Numbers & Counting Adaptations
By: Carmen Willings
Number sense refers to a students fluidity and flexibility with numbers as well as the concept that numbers mean and an ability to perform mental math and make comparisons to math in the environment. This page describes adaptations for students who are blind or visually impaired.
Developing the concept of number sense for math success and understanding is comparable to phonemic awareness for reading. It is important for older students to continue to work on this skill as well if they have not yet mastered it. To do this, it is important to provide many opportunities for students to explore groups of concrete & real objects and to compare the relative size of groups of things.
Math instruction in the primary grades should be as concrete as possible." ~ Bishop, Virginia. Teaching Visually Impaired Children. Charles C. Thomas. 1996. p.67.

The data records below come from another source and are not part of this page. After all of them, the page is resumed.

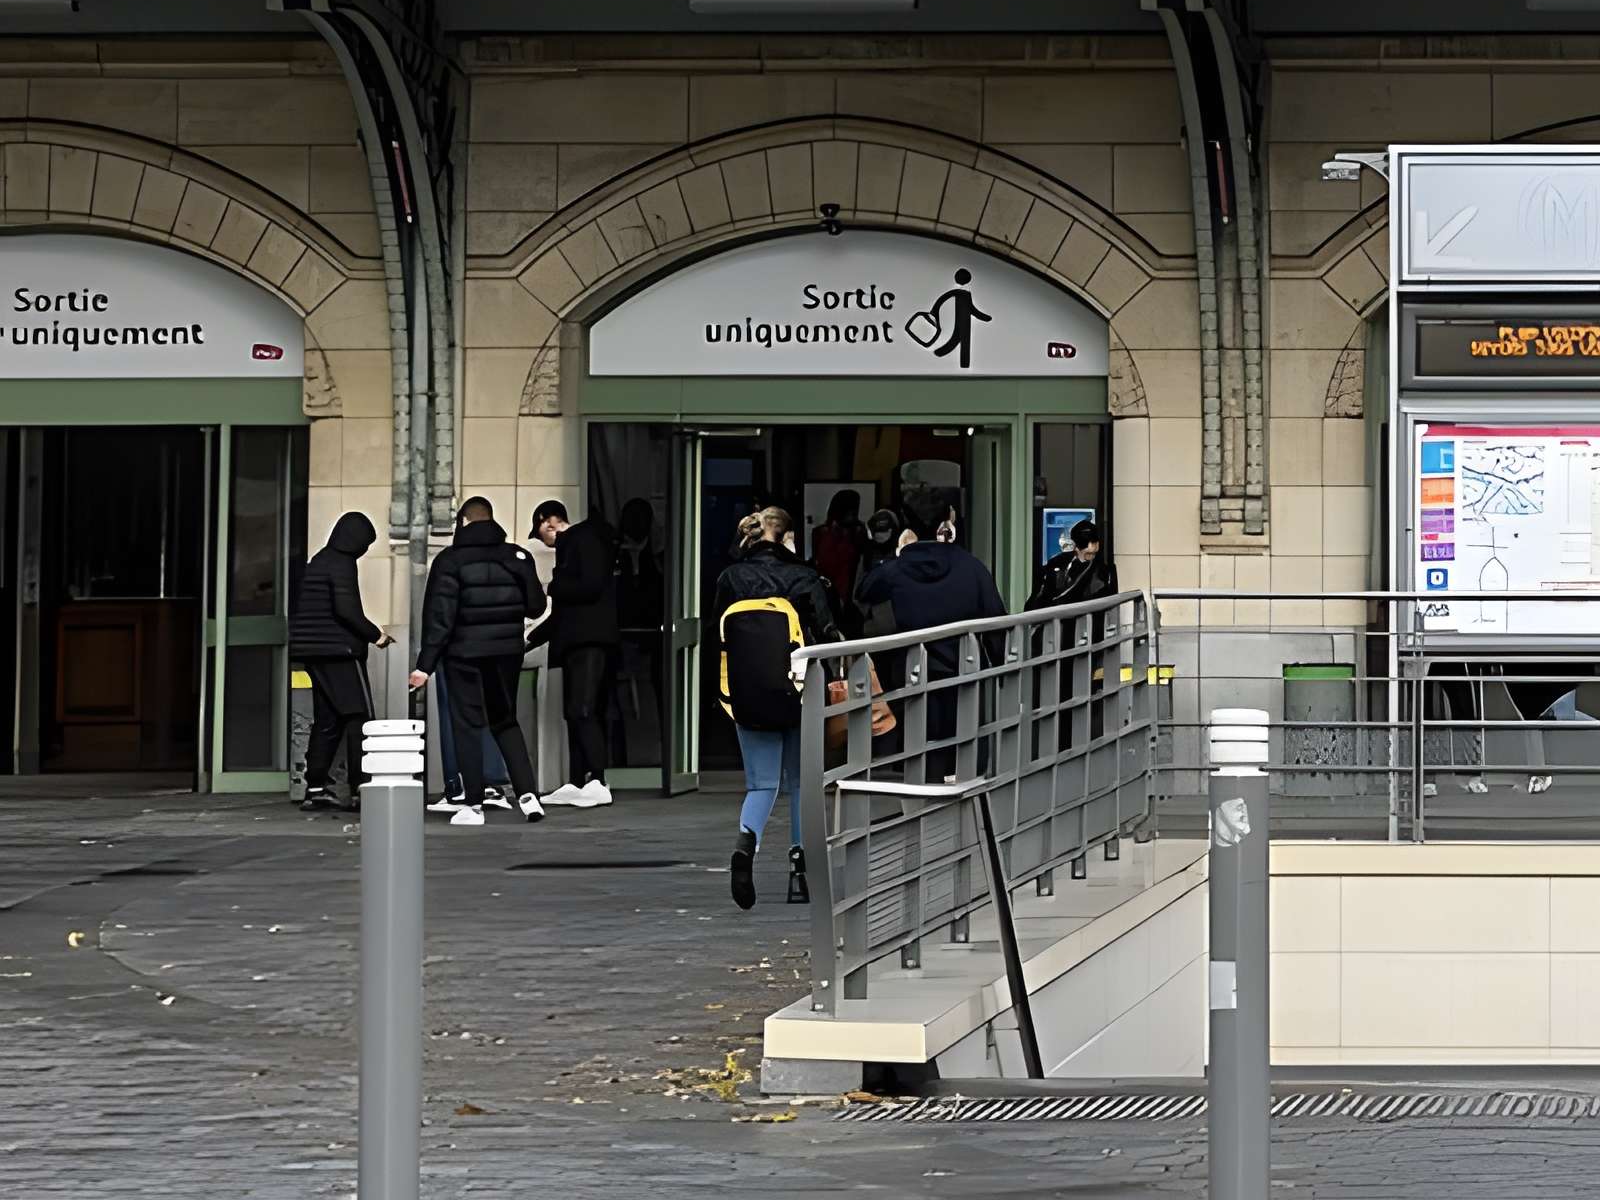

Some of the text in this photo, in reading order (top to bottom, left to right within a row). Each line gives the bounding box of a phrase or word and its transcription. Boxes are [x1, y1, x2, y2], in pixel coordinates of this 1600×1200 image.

[13, 287, 109, 312] Sortie
[801, 284, 896, 310] Sortie
[12, 320, 205, 352] uniquement
[705, 317, 895, 348] uniquement
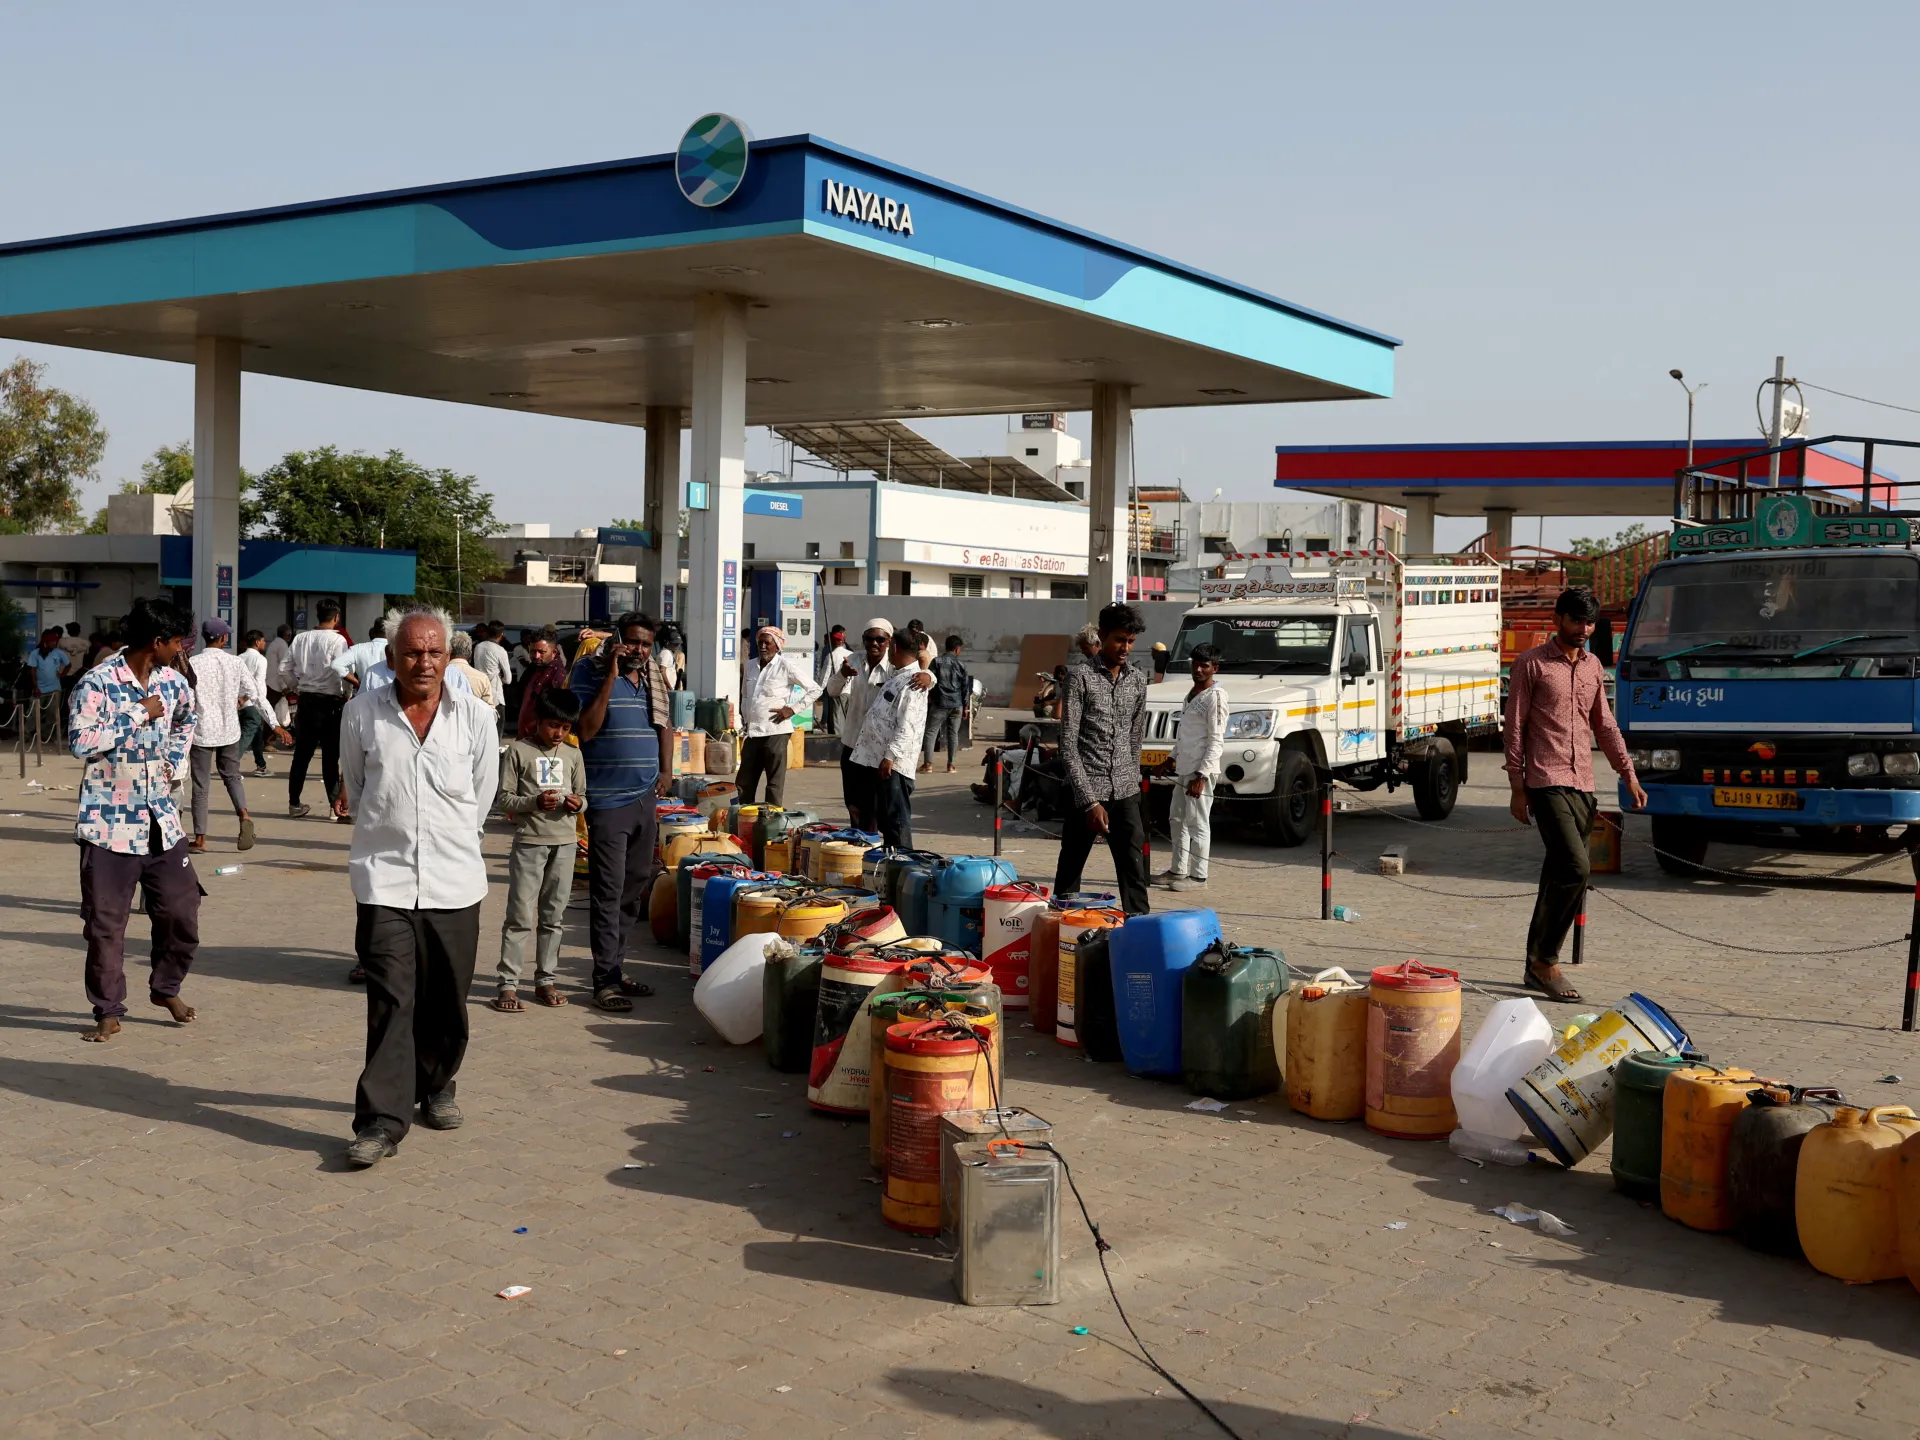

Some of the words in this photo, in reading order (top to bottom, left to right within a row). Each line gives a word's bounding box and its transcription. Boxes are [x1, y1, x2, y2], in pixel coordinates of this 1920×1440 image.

[824, 178, 914, 236] NAYARA
[695, 487, 701, 504] 1
[769, 501, 789, 511] DIESEL
[610, 534, 627, 542] PETROL
[1033, 555, 1066, 572] Station
[1201, 583, 1232, 594] જય
[1296, 583, 1336, 593] દાદા
[540, 759, 560, 784] K
[1702, 769, 1820, 784] EICHER
[999, 917, 1021, 927] Volt
[709, 925, 721, 937] Jay

Students should have many opportunities throughout the day to count both small and large groups of objects; match the number of objects to braille or print numbers; and to talk about numbers discussing how many, how much more or less, and how many more are needed. Word problems can be a particular challenge for students. Keeping word problems as concrete as possible will help students who have a difficult time with problems completing mental imagery.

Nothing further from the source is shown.